Samuel Anthony Boulmetis Sr. (February 17, 1927 - May 30, 2021) was an American thoroughbred horse racing jockey who was inducted into the National Museum of Racing and Hall of Fame in 1973. The Hall's induction biography says that "His peers described him as an honest and intelligent rider, qualities he later demonstrated as a racing official and state steward for New Jersey."

Born in Baltimore, the son of a Greek tailor, Sam Boulmetis began his involvement in the horse racing industry as a stable hand at Laurel Park Racecourse in Laurel, Maryland. He began riding professionally in late 1948 and earned his first win in 1949 at Garden State Park then went on to win that year's riding championship at Monmouth Park Racetrack. He repeated as the leading jockey at Monmouth Park in 1953, 1955, and 1956.

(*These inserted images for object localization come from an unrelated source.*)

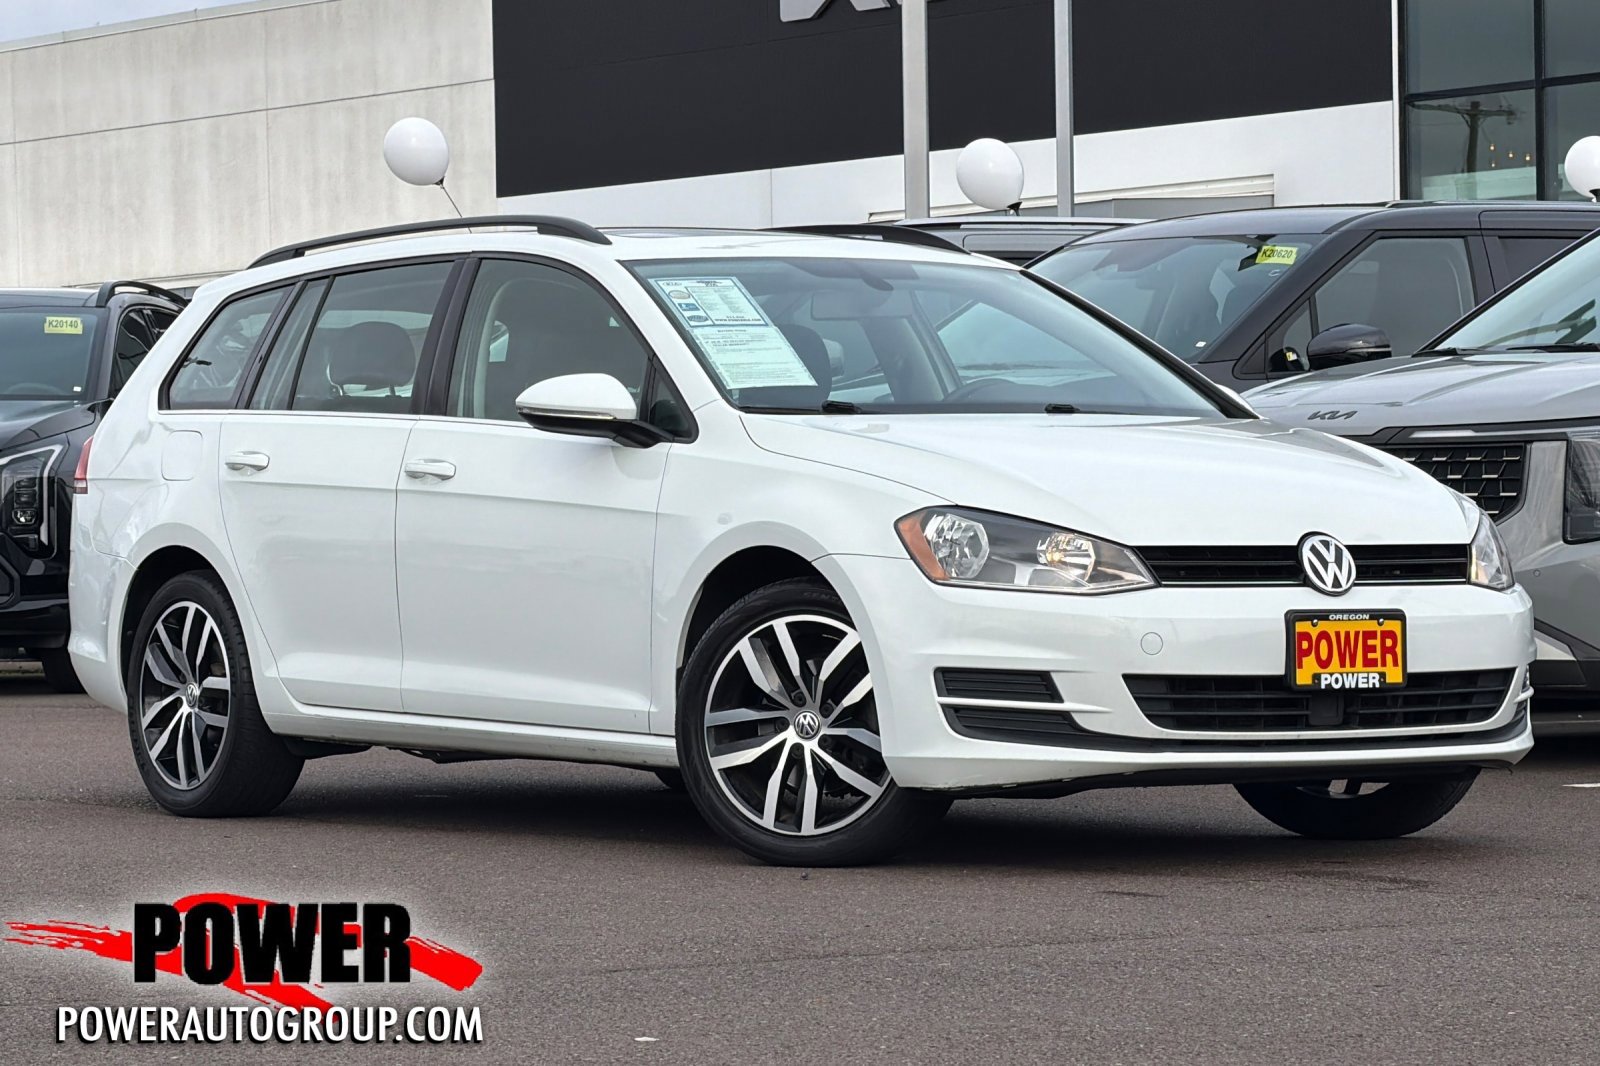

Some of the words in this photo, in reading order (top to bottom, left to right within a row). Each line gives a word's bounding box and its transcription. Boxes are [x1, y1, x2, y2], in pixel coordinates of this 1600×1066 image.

[1260, 248, 1294, 259] K20620
[47, 319, 79, 329] K20140
[1328, 613, 1370, 621] OREGON
[1296, 629, 1399, 670] POWER
[1320, 672, 1380, 690] POWER

The winner of numerous important races, Boulmetis won the Arlington Classic twice and the prestigious Washington, D.C. International Stakes and Canadian International Stakes, forerunners to the Breeders' Cup races which drew the best horses to the United States and Canada from around the world. For owner Cornelius Vanderbilt Whitney, he rode Fisherman in the 1956 Prix de l'Arc de Triomphe at Longchamp Racecourse in Paris, France. Among the other notable horses he rode was Hall of Fame inductee Tosmah with whom he won seven stakes races. In the 1955 Massachusetts Handicap, Boulmetis rode Helioscope to a track record time of 2:01 for 1¼ miles on dirt, unbroken as of 2008.

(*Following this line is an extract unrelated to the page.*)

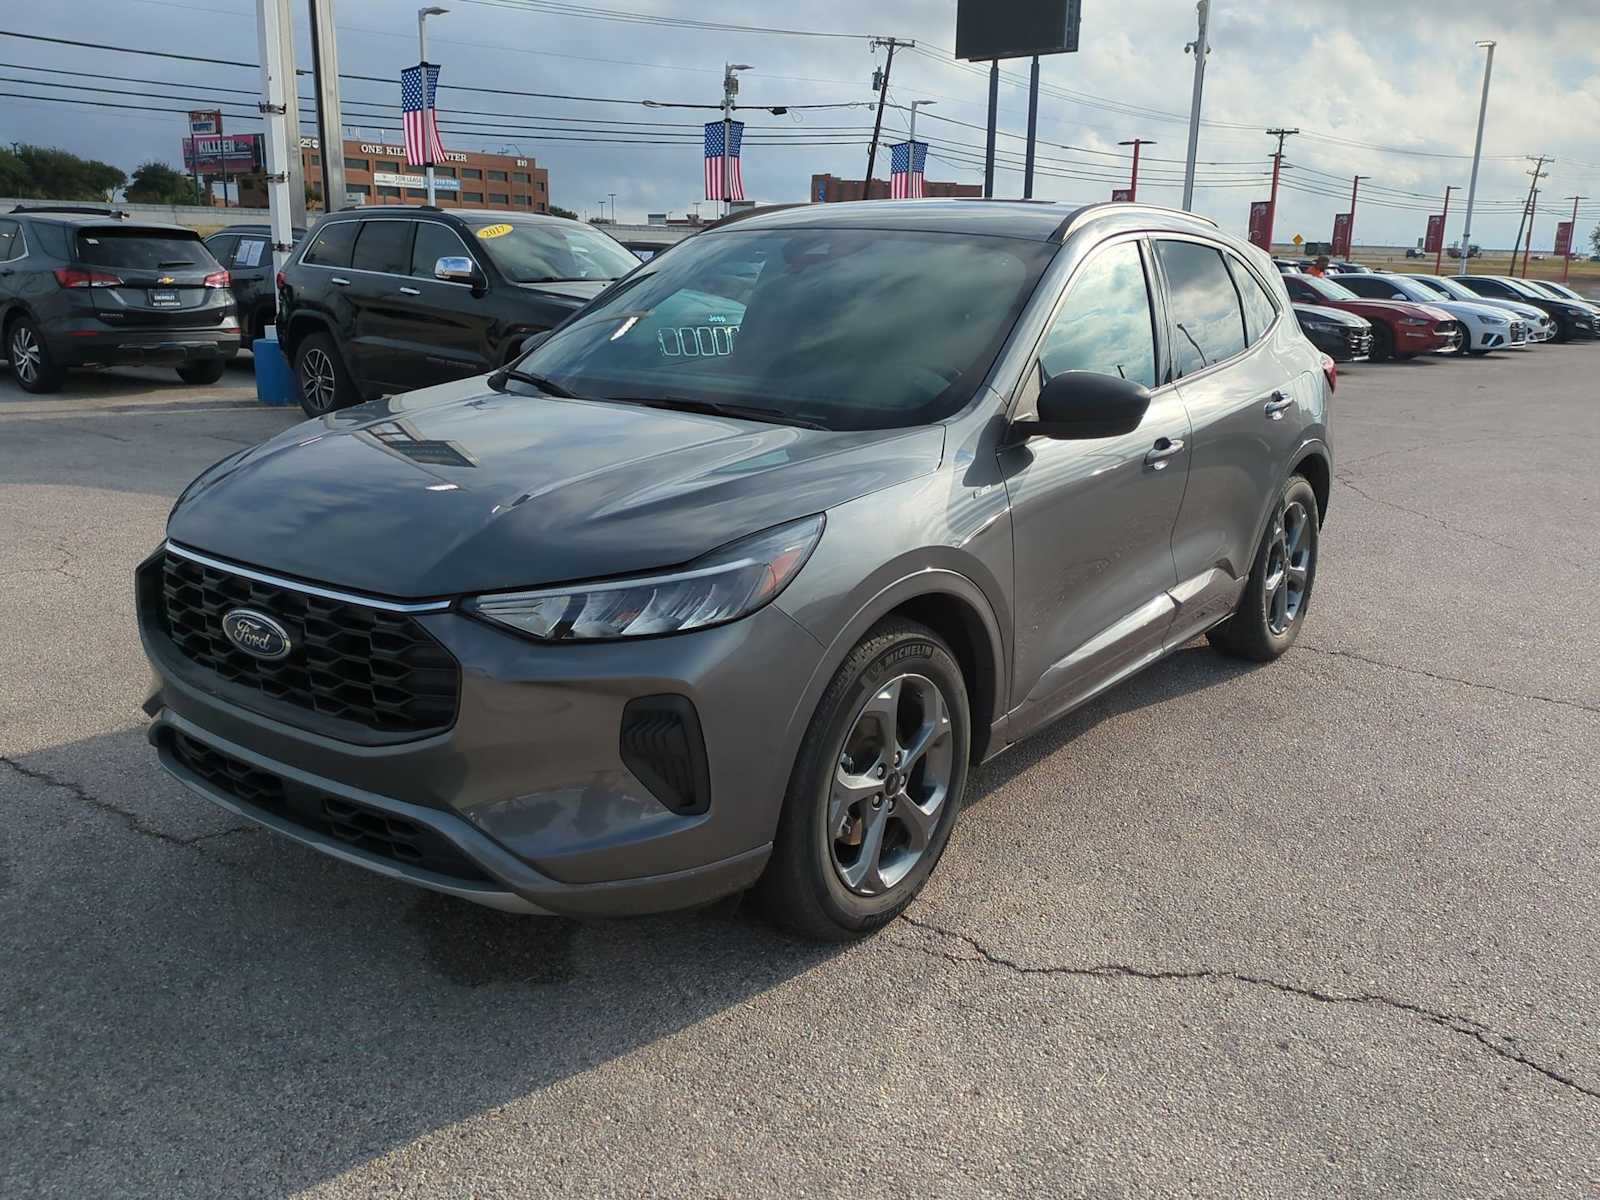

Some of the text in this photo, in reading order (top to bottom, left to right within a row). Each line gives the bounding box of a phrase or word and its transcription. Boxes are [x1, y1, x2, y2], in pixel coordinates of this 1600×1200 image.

[361, 144, 467, 162] ONE KILL NTER
[484, 225, 505, 237] 2017
[233, 619, 270, 650] Ford
[886, 644, 933, 665] MICHELIN

Throughout his career Sam Boulmetis raced primarily at tracks on the East Coast of the United States. He retired from riding after the 1966 season and in 1969 was appointed a steward at Monmouth Park Racetrack in Oceanport, New Jersey. He retired in 2004 from his duties as a racing official and state steward for the State of New Jersey.

His son, Sam Boulmetis Jr., followed in his footsteps, becoming a professional jockey in 1973 and riding until 1981 when a racing accident left him paralyzed from the waist down. Sam Jr. is now a steward at Philadelphia Park Racetrack.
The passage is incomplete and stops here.